» ACTIVITY: All that is needed is each line of the entries holding the word "location", copied as it stands.

» DATA SHOWN:
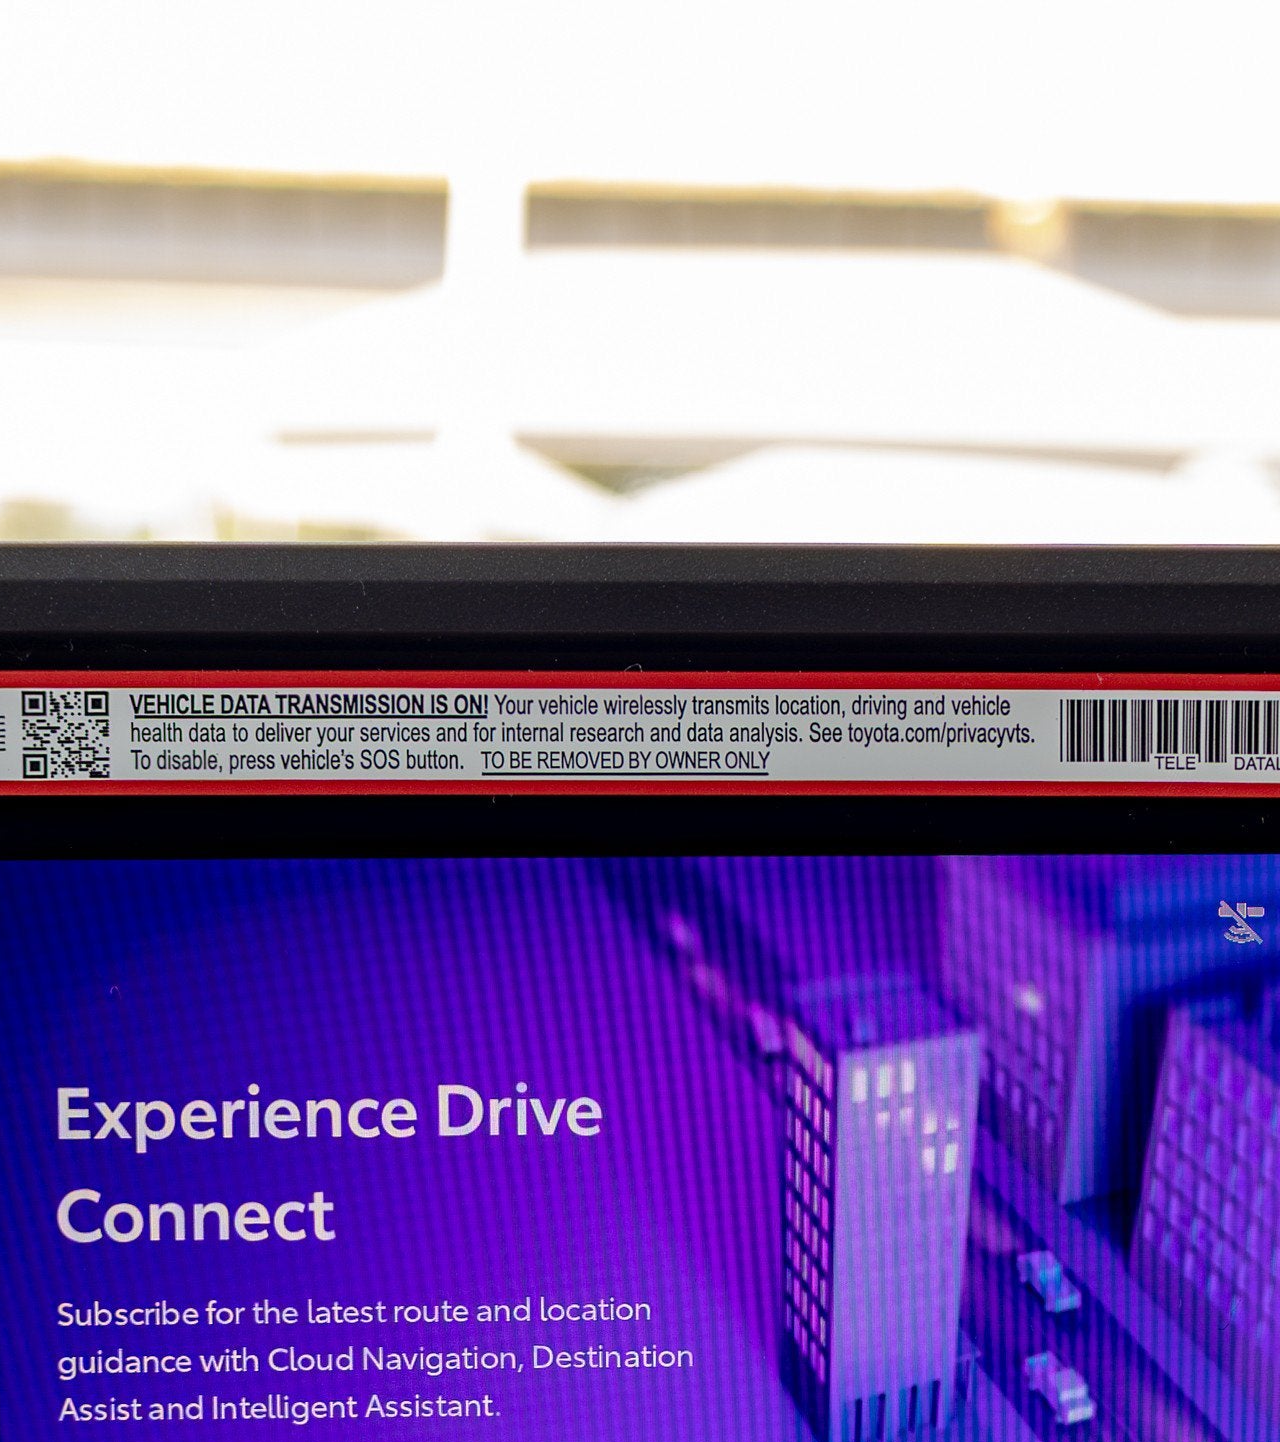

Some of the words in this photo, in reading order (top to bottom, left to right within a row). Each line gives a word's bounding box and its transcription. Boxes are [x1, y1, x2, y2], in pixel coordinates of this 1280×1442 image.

[128, 693, 215, 713] VEHICLE
[220, 694, 271, 713] DATA
[274, 693, 425, 713] TRANSMISSION
[430, 693, 449, 713] IS
[453, 693, 489, 713] ON!
[493, 693, 534, 715] Your
[538, 694, 599, 715] vehicle
[603, 694, 688, 720] wirelessly
[691, 694, 770, 716] transmits
[775, 694, 846, 719] location,
[851, 694, 908, 720] driving
[913, 694, 946, 716] and
[951, 694, 1011, 716] vehicle
[130, 721, 183, 743] health
[188, 721, 226, 743] data
[232, 722, 249, 743] to
[255, 721, 313, 743] deliver
[316, 726, 356, 748] your
[359, 721, 431, 743] services
[436, 721, 468, 743] and
[472, 721, 497, 743] for
[501, 721, 564, 743] internal
[569, 721, 645, 743] research
[649, 721, 681, 743] and
[686, 721, 724, 743] data
[729, 721, 803, 748] analysis.
[808, 721, 843, 743] See
[847, 721, 1035, 749] toyota.com/privacyvts.
[130, 749, 152, 771] To
[156, 749, 223, 773] disable,
[229, 754, 276, 775] press
[359, 748, 401, 770] SOS
[406, 748, 464, 770] button.
[480, 750, 505, 770] TO
[509, 750, 533, 769] BE
[537, 750, 625, 770] REMOVED
[628, 750, 652, 770] BY
[655, 750, 722, 770] OWNER
[724, 750, 771, 770] ONLY
[1154, 755, 1197, 771] TELE
[57, 1083, 418, 1154] Experience
[438, 1082, 602, 1137] Drive
[57, 1189, 336, 1243] Connect
[58, 1300, 199, 1327] Subscribe
[205, 1299, 246, 1325] for
[252, 1299, 299, 1324] the
[308, 1298, 387, 1324] latest
[394, 1300, 469, 1323] route
[476, 1296, 531, 1322] and
[540, 1296, 651, 1322] location
[58, 1348, 192, 1380] guidance
[199, 1346, 259, 1373] with
[268, 1345, 354, 1372] Cloud
[363, 1345, 524, 1376] Navigation,
[533, 1344, 693, 1369] Destination
[58, 1397, 143, 1422] Assist
[148, 1394, 204, 1421] and
[213, 1394, 359, 1425] Intelligent
[364, 1393, 500, 1418] Assistant.

» EXPECTED OUTPUT:
[775, 694, 846, 719] location,
[540, 1296, 651, 1322] location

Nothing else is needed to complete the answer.